Material for the task:
^^^^
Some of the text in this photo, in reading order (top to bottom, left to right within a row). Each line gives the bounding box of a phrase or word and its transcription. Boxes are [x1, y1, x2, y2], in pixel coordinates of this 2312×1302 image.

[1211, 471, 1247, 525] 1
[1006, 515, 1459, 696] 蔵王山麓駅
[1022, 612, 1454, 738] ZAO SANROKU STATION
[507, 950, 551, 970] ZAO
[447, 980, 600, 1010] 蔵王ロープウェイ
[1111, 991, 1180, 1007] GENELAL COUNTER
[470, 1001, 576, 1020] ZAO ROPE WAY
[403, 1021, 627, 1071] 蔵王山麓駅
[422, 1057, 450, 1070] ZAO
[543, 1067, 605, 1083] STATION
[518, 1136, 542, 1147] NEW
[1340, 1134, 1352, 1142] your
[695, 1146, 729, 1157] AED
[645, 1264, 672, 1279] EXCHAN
^^^^
Work order: Please set down each of the entries above exactly as given.

Written reply:
Some of the text in this photo, in reading order (top to bottom, left to right within a row). Each line gives the bounding box of a phrase or word and its transcription. Boxes are [x1, y1, x2, y2], in pixel coordinates of this 2312×1302 image.

[1211, 471, 1247, 525] 1
[1006, 515, 1459, 696] 蔵王山麓駅
[1022, 612, 1454, 738] ZAO SANROKU STATION
[507, 950, 551, 970] ZAO
[447, 980, 600, 1010] 蔵王ロープウェイ
[1111, 991, 1180, 1007] GENELAL COUNTER
[470, 1001, 576, 1020] ZAO ROPE WAY
[403, 1021, 627, 1071] 蔵王山麓駅
[422, 1057, 450, 1070] ZAO
[543, 1067, 605, 1083] STATION
[518, 1136, 542, 1147] NEW
[1340, 1134, 1352, 1142] your
[695, 1146, 729, 1157] AED
[645, 1264, 672, 1279] EXCHAN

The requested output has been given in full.